Logistic regression:
--------------------------------------------------------
Number of examples : 6745
Number of classes : 2
Number of feature columns : 1
Number of unpacked features : 2952
Number of coefficients : 2953
Starting L-BFGS
--------------------------------------------------------
+-----------+----------+-----------+--------------+-------------------+---------------------+
| Iteration | Passes | Step size | Elapsed Time | Training-accuracy | Validation-accuracy |
+-----------+----------+-----------+--------------+-------------------+---------------------+
| 1 | 3 | 0.000148 | 1.281354 | 0.987250 | 0.950147 |
| 2 | 5 | 1.000000 | 1.536147 | 0.996145 | 0.961877 |
| 3 | 6 | 1.000000 | 1.681825 | 0.997924 | 0.961877 |
| 4 | 7 | 1.000000 | 1.856880 | 0.999259 | 0.976540 |
| 5 | 8 | 1.000000 | 2.030388 | 0.999703 | 0.976540 |
| 6 | 9 | 1.000000 | 2.191586 | 0.999852 | 0.976540 |
| 10 | 13 | 1.000000 | 2.872957 | 1.000000 | 0.976540 |
+-----------+----------+-----------+--------------+-------------------+---------------------+
TERMINATED: Iteration limit reached.
This model may not be optimal. To improve it, consider increasing `max_iterations`.
>>> model.export_coreml('ClassifierModel.mlmodel')
Saving valid model to path ClassifierModel.mlmodel
And here's the swift code:
let bagOfWords = bow(text: "I think that was awesome!")
do {
let prediction = try ClassifierModel().prediction(text: bagOfWords)
print(prediction)
} catch {
print(error)
}
I got the bagOfWords
code from the text_classifier guide:
func bow(text: String) -> [String: Double] {
var bagOfWords = [String: Double]()
let tagger = NSLinguisticTagger(tagSchemes: [.tokenType], options: 0)
let range = NSRange(location: 0, length: text.utf16.count)
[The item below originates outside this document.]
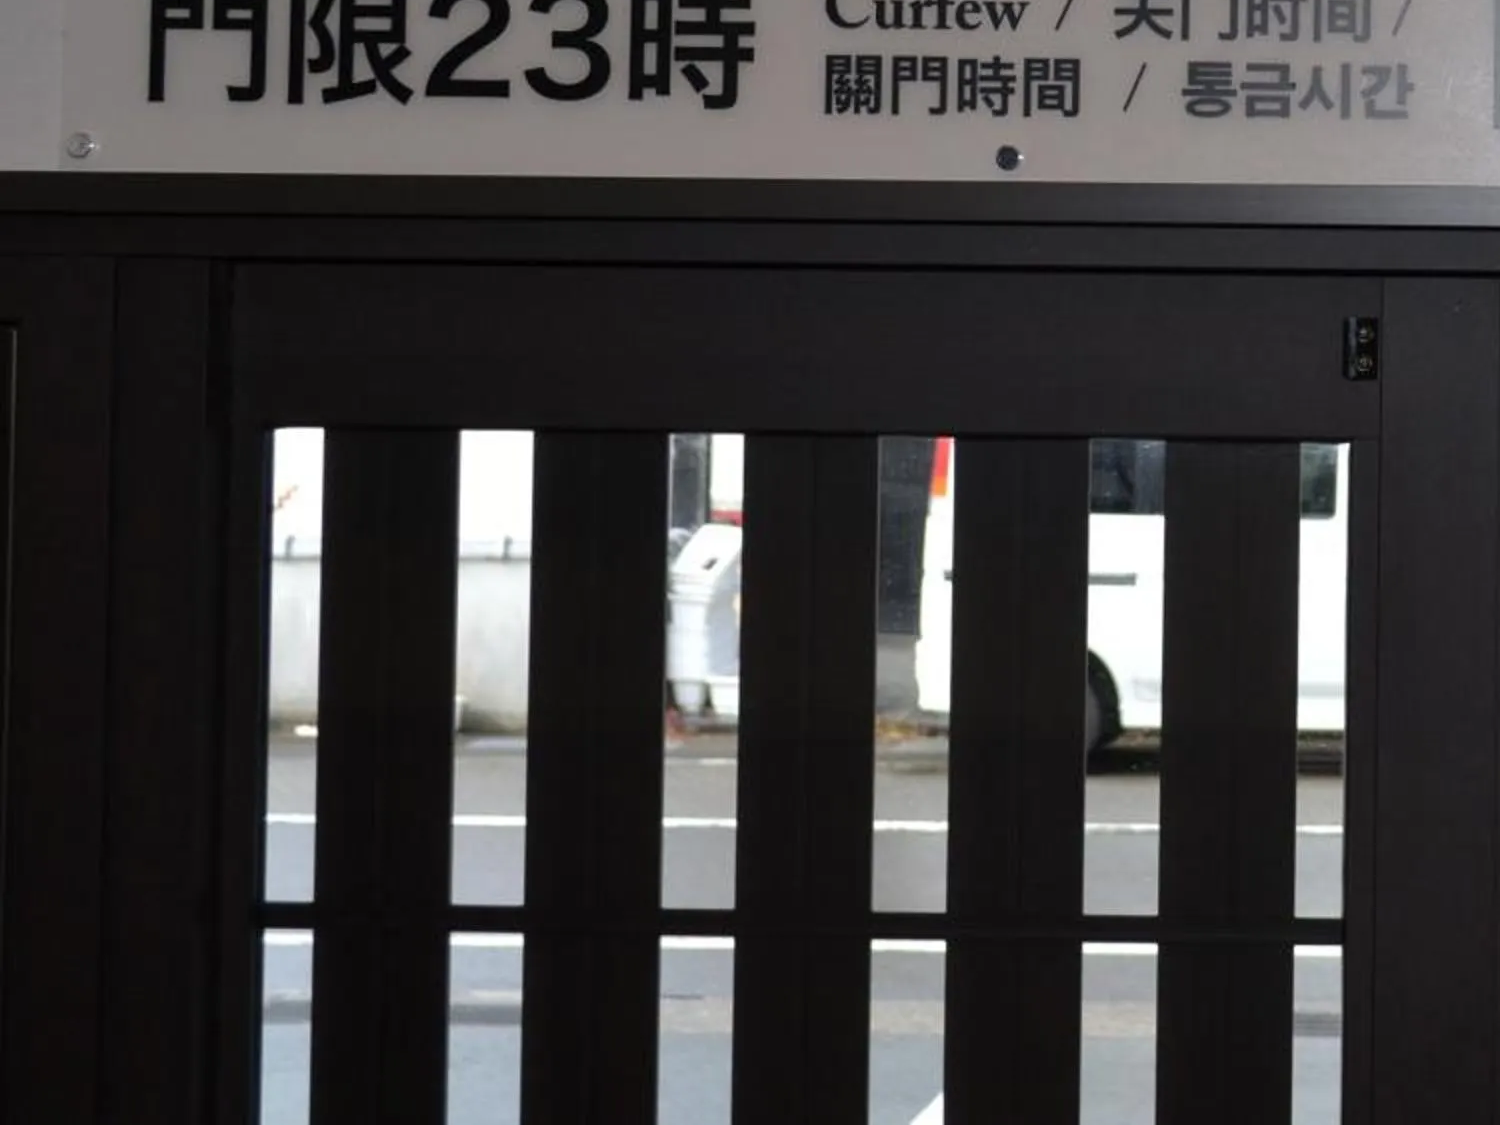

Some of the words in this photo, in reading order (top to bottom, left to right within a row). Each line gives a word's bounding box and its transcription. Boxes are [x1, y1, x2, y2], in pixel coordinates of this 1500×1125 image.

let options: NSLinguisticTagger.Options = [.omitPunctuation, .omitWhitespace]
tagger.string = text
tagger.enumerateTags(in: range, unit: .word, scheme: .tokenType, options: options) { _, tokenRange, _ in
let word = (text as NSString).substring(with: tokenRange)
if bagOfWords[word] != nil {
bagOfWords[word]! += 1
} else {
bagOfWords[word] = 1
}
}
return bagOfWords
}
It output the error bellow:
Error Domain=com.apple.CoreML Code=1 "Predicted feature named 'sentiment' was not output by pipeline" UserInfo={NSLocalizedDescription=Predicted feature named 'sentiment' was not output by pipeline}
Maybe there's a problem with my dataset?
I uploaded the csv file here in case you wanna reproduce exactly the same situation.
Thanks @emannuelOC - I'll investigate from here.
@emannuelOC Thanks for catching this issue. The issue is related to #98 and we will continue to investigate. It seems that this happens when you have a new word during prediction time. We have narrowed down this issue and hope to get a fix out soon.
Dupe of #98 (it's the same issue). @srikris, please verify both when closing #98.
After importing the model created with the sentence_classifier into Xcode, I got the following error:
Error Domain=com.apple.CoreML Code=1 "Predicted feature named 'rating' was not output by pipeline"
rating
was the name of the target variable in my dataset.Here's the code I used to create the model:
import turicreate as tc
data = tc.SFrame('sentiment-train.tsv')
model = tc.sentence_classifier.create(data, 'rating', features=['text'])
model.export_coreml('MyModel.mlmodel')
p.s. I couldn't build
turicreate
locally on my machine so I've updated the code in the_sentence_classifier.py
according to the one in #58. I know that's not the ideal and it may be causing the problem but it was the only way I could try exporting the model.